Your instructions: Give the data again word for word; drop the pictures.

(Spatial localization data)
▶

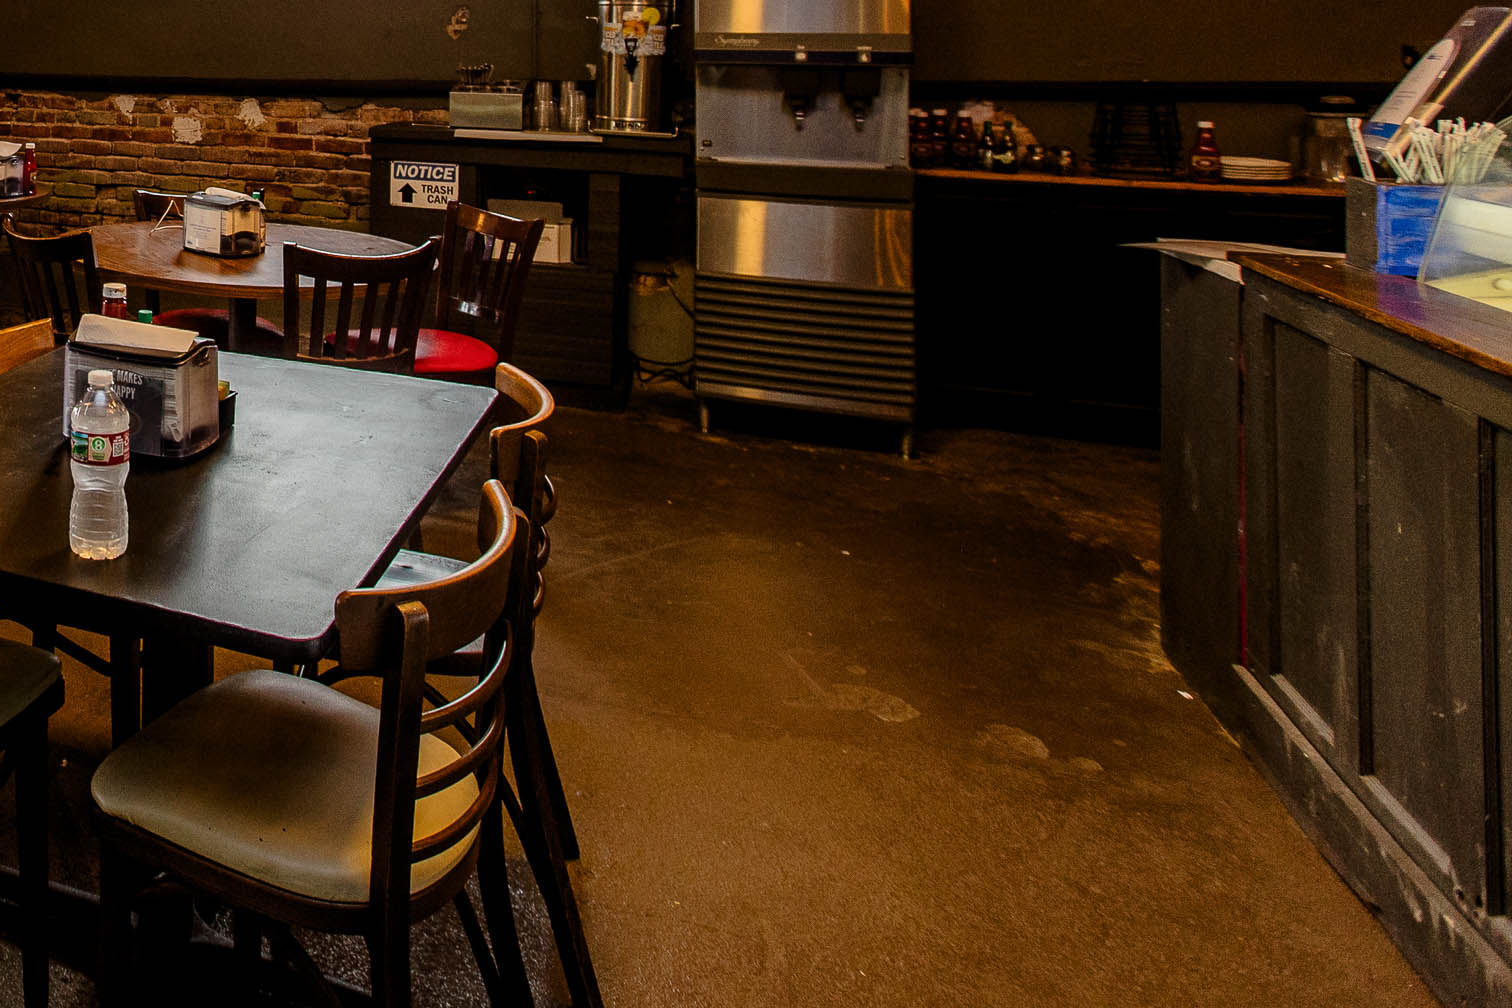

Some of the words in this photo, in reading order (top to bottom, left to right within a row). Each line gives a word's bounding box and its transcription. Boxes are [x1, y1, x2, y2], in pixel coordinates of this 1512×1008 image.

[396, 164, 455, 180] NOTICE
[422, 184, 454, 195] TRASH
[427, 195, 448, 204] CAN
[116, 369, 143, 385] MAKES
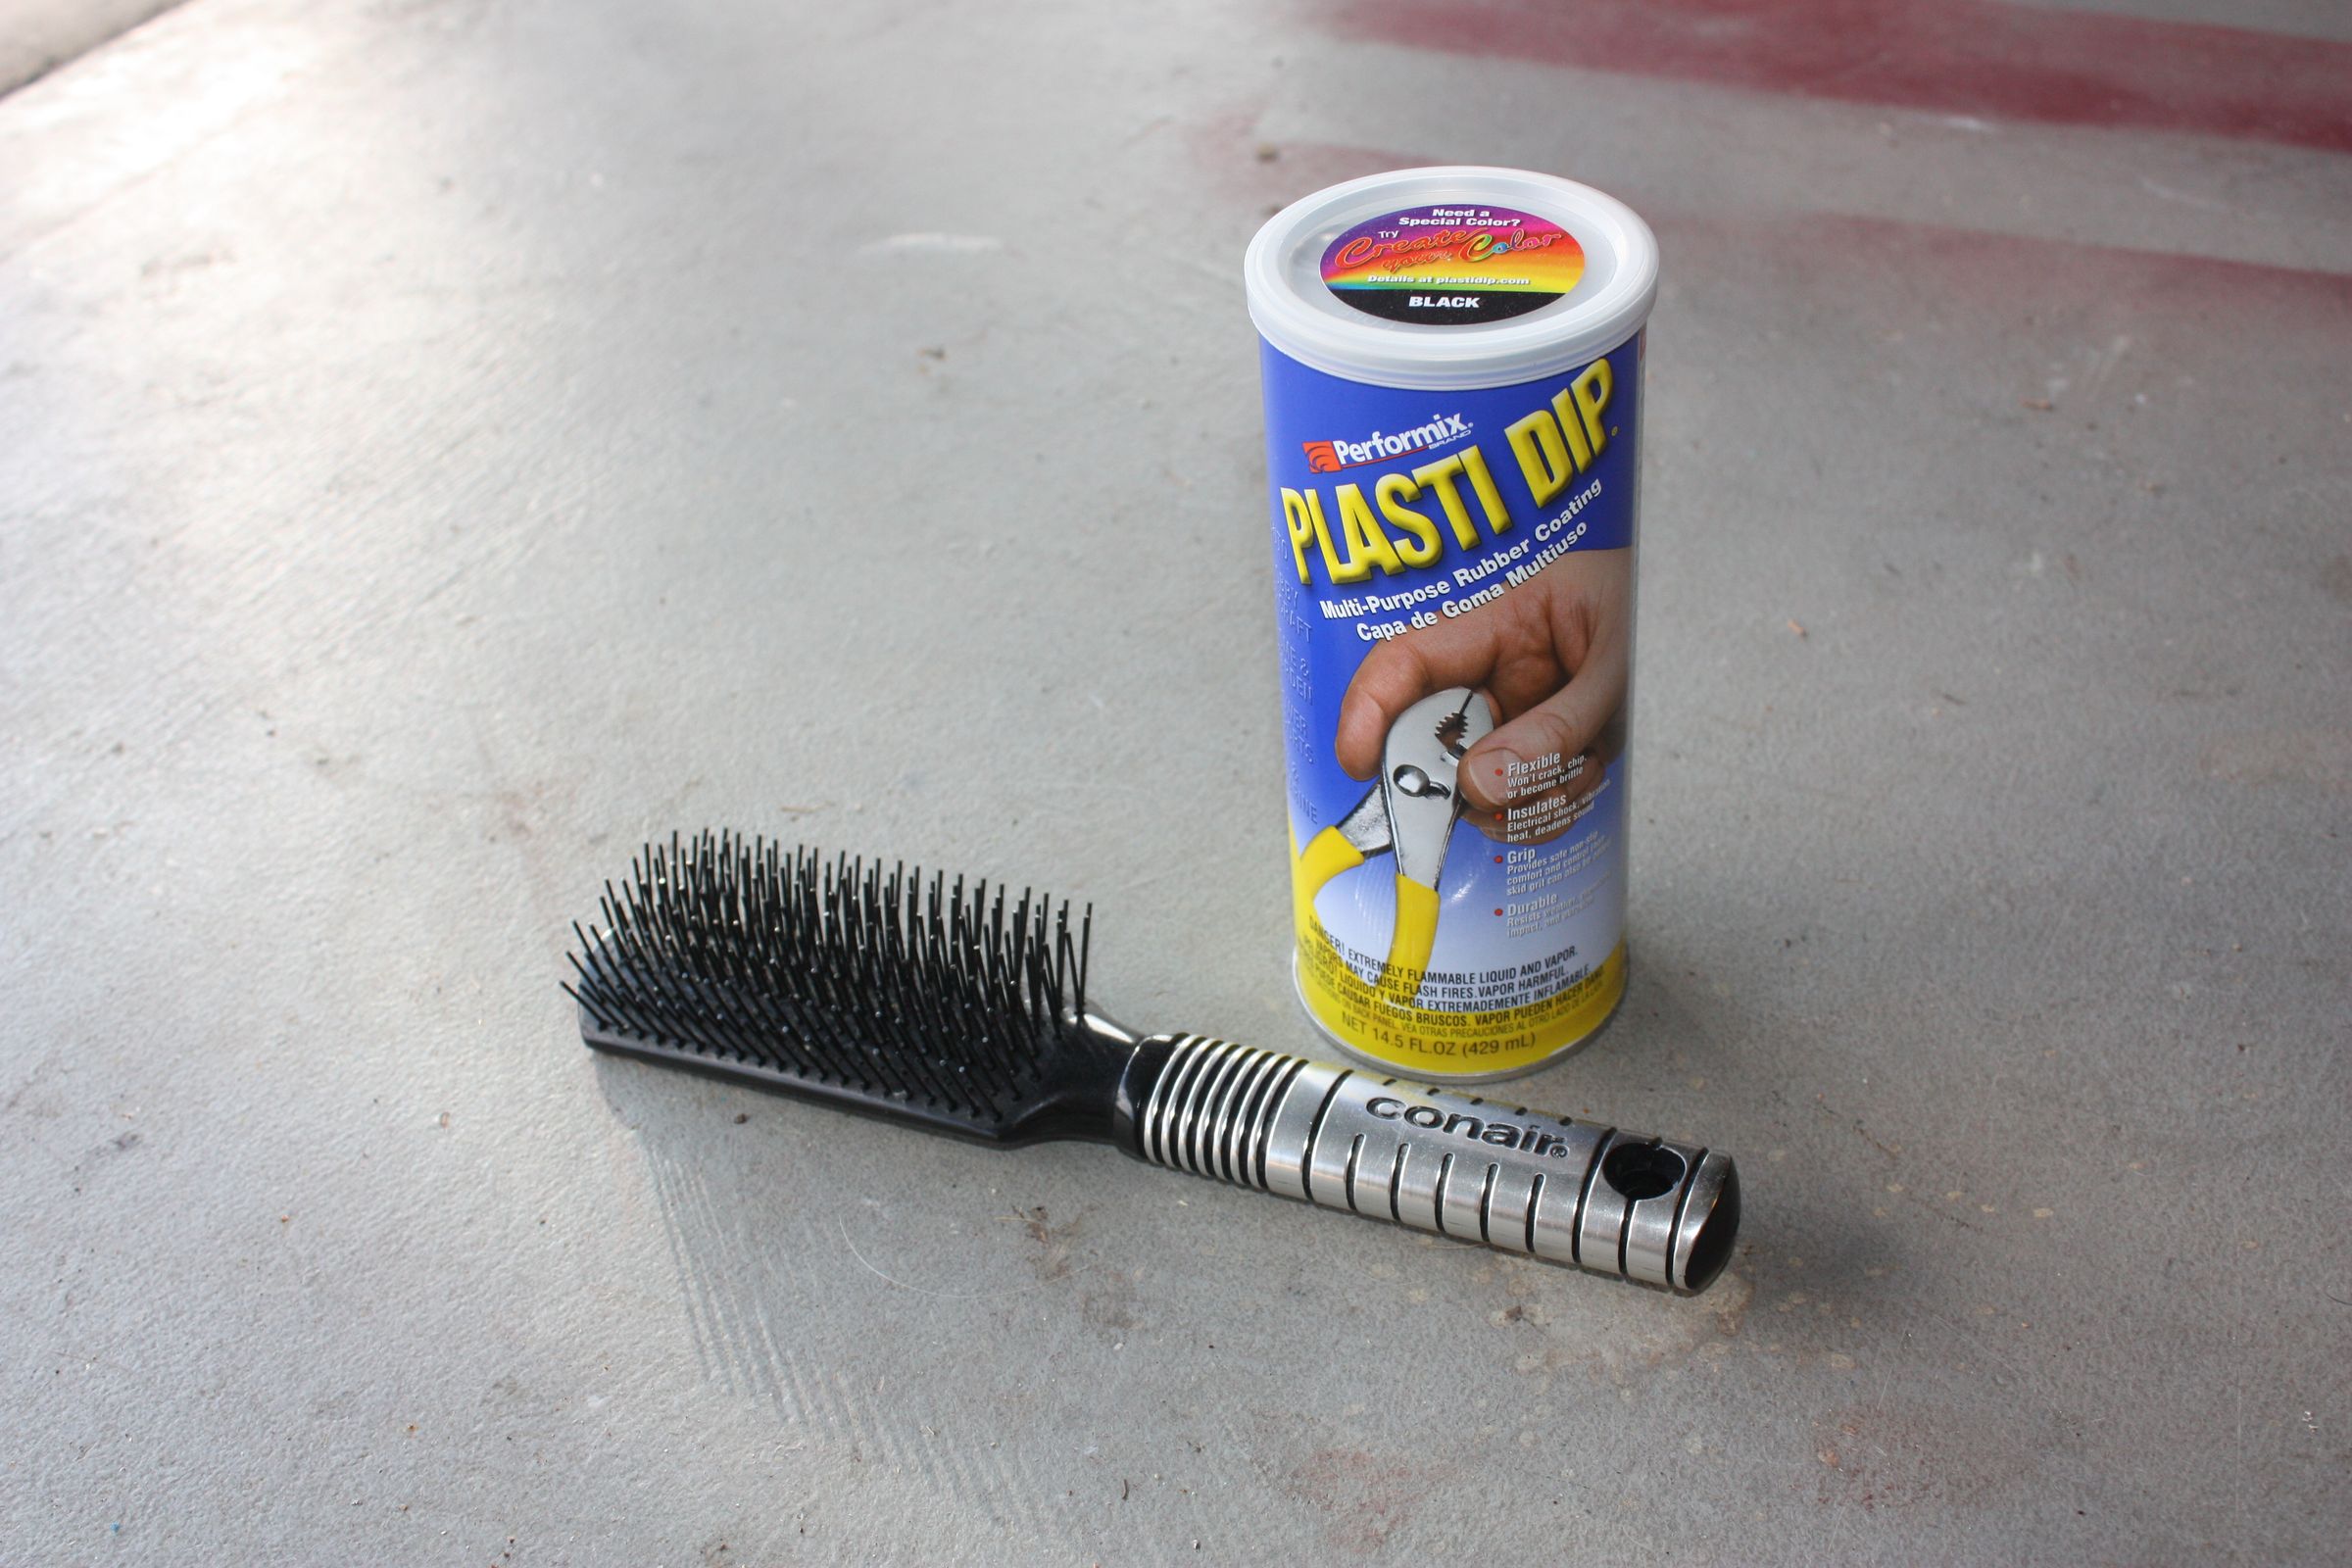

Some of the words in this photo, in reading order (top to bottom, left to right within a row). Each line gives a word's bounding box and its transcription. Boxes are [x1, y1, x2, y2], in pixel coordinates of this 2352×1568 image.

[1398, 217, 1462, 227] Special
[1466, 218, 1521, 227] Color?
[1432, 209, 1476, 218] Need
[1378, 229, 1398, 239] Try
[1458, 227, 1561, 263] Color
[1335, 227, 1489, 269] Create
[1381, 250, 1453, 273] your
[1367, 274, 1416, 284] Details
[1418, 275, 1434, 284] at
[1436, 275, 1531, 286] plastidip.com
[1408, 296, 1481, 309] BLACK
[1428, 429, 1473, 451] BRAND
[1280, 444, 1513, 586] PLASTI
[1504, 358, 1614, 510] DIP
[1319, 579, 1451, 621] Multi-Purpose
[1452, 539, 1531, 587] Rubber
[1535, 478, 1603, 543] Coating
[1356, 614, 1407, 642] Capa
[1411, 606, 1439, 629] de
[1442, 582, 1504, 619] Goma
[1505, 521, 1589, 590] Multiuso
[1507, 753, 1561, 776] Flexible
[1507, 772, 1536, 788] Won't
[1507, 789, 1518, 800] or
[1520, 779, 1557, 796] become
[1559, 766, 1584, 784] brittle
[1507, 794, 1567, 821] Insulates
[1535, 815, 1572, 836] deadens
[1573, 801, 1594, 821] sound
[1507, 812, 1551, 832] Electrical
[1507, 848, 1536, 864] Grip
[1507, 858, 1547, 875] Provides
[1550, 849, 1568, 863] safe
[1506, 885, 1527, 896] skid
[1546, 873, 1562, 885] can
[1507, 868, 1543, 886] comfort
[1544, 862, 1561, 875] and
[1506, 910, 1542, 927] Resists
[1507, 894, 1558, 917] Durable
[1309, 915, 1345, 955] DANGER!
[1348, 948, 1404, 978] EXTREMELY
[1407, 968, 1476, 985] FLAMMABLE
[1479, 967, 1517, 984] LIQUID
[1520, 960, 1542, 977] AND
[1544, 945, 1578, 969] VAPOR.
[1346, 960, 1364, 978] MAY
[1367, 971, 1400, 992] CAUSE
[1403, 983, 1438, 998] FLASH
[1478, 982, 1515, 998] VAPOR
[1518, 965, 1569, 992] HARMFUL.
[1337, 983, 1371, 1009] CAUSAR
[1373, 1001, 1413, 1022] FUEGOS
[1416, 1013, 1471, 1028] BRUSCOS.
[1475, 1010, 1510, 1026] VAPOR
[1514, 999, 1553, 1020] PUEDEN
[1555, 982, 1583, 1005] HACER
[1340, 972, 1376, 998] LIQUIDO
[1379, 989, 1385, 1002] Y
[1389, 992, 1424, 1010] VAPOR
[1427, 994, 1531, 1013] EXTREMADEMENTE
[1342, 1010, 1367, 1035] NET
[1373, 1029, 1404, 1050] 14.5
[1462, 1035, 1499, 1058] (429
[1504, 1031, 1537, 1050] mL)
[1401, 1022, 1417, 1034] VEA
[1419, 1024, 1447, 1038] OTRAS
[1450, 1025, 1514, 1039] PRECAUCIONES
[1516, 1022, 1527, 1032] AL
[1529, 1013, 1550, 1028] OTRO
[1366, 1097, 1565, 1157] conair

◀

Written reply:
Some of the words in this photo, in reading order (top to bottom, left to right within a row). Each line gives a word's bounding box and its transcription. Boxes are [x1, y1, x2, y2], in pixel coordinates of this 1512×1008 image.

[396, 164, 455, 180] NOTICE
[422, 184, 454, 195] TRASH
[427, 195, 448, 204] CAN
[116, 369, 143, 385] MAKES

Some of the words in this photo, in reading order (top to bottom, left to right within a row). Each line gives a word's bounding box and its transcription. Boxes are [x1, y1, x2, y2], in pixel coordinates of this 2352×1568 image.

[1398, 217, 1462, 227] Special
[1466, 218, 1521, 227] Color?
[1432, 209, 1476, 218] Need
[1378, 229, 1398, 239] Try
[1458, 227, 1561, 263] Color
[1335, 227, 1489, 269] Create
[1381, 250, 1453, 273] your
[1367, 274, 1416, 284] Details
[1418, 275, 1434, 284] at
[1436, 275, 1531, 286] plastidip.com
[1408, 296, 1481, 309] BLACK
[1428, 429, 1473, 451] BRAND
[1280, 444, 1513, 586] PLASTI
[1504, 358, 1614, 510] DIP
[1319, 579, 1451, 621] Multi-Purpose
[1452, 539, 1531, 587] Rubber
[1535, 478, 1603, 543] Coating
[1356, 614, 1407, 642] Capa
[1411, 606, 1439, 629] de
[1442, 582, 1504, 619] Goma
[1505, 521, 1589, 590] Multiuso
[1507, 753, 1561, 776] Flexible
[1507, 772, 1536, 788] Won't
[1507, 789, 1518, 800] or
[1520, 779, 1557, 796] become
[1559, 766, 1584, 784] brittle
[1507, 794, 1567, 821] Insulates
[1535, 815, 1572, 836] deadens
[1573, 801, 1594, 821] sound
[1507, 812, 1551, 832] Electrical
[1507, 848, 1536, 864] Grip
[1507, 858, 1547, 875] Provides
[1550, 849, 1568, 863] safe
[1506, 885, 1527, 896] skid
[1546, 873, 1562, 885] can
[1507, 868, 1543, 886] comfort
[1544, 862, 1561, 875] and
[1506, 910, 1542, 927] Resists
[1507, 894, 1558, 917] Durable
[1309, 915, 1345, 955] DANGER!
[1348, 948, 1404, 978] EXTREMELY
[1407, 968, 1476, 985] FLAMMABLE
[1479, 967, 1517, 984] LIQUID
[1520, 960, 1542, 977] AND
[1544, 945, 1578, 969] VAPOR.
[1346, 960, 1364, 978] MAY
[1367, 971, 1400, 992] CAUSE
[1403, 983, 1438, 998] FLASH
[1478, 982, 1515, 998] VAPOR
[1518, 965, 1569, 992] HARMFUL.
[1337, 983, 1371, 1009] CAUSAR
[1373, 1001, 1413, 1022] FUEGOS
[1416, 1013, 1471, 1028] BRUSCOS.
[1475, 1010, 1510, 1026] VAPOR
[1514, 999, 1553, 1020] PUEDEN
[1555, 982, 1583, 1005] HACER
[1340, 972, 1376, 998] LIQUIDO
[1379, 989, 1385, 1002] Y
[1389, 992, 1424, 1010] VAPOR
[1427, 994, 1531, 1013] EXTREMADEMENTE
[1342, 1010, 1367, 1035] NET
[1373, 1029, 1404, 1050] 14.5
[1462, 1035, 1499, 1058] (429
[1504, 1031, 1537, 1050] mL)
[1401, 1022, 1417, 1034] VEA
[1419, 1024, 1447, 1038] OTRAS
[1450, 1025, 1514, 1039] PRECAUCIONES
[1516, 1022, 1527, 1032] AL
[1529, 1013, 1550, 1028] OTRO
[1366, 1097, 1565, 1157] conair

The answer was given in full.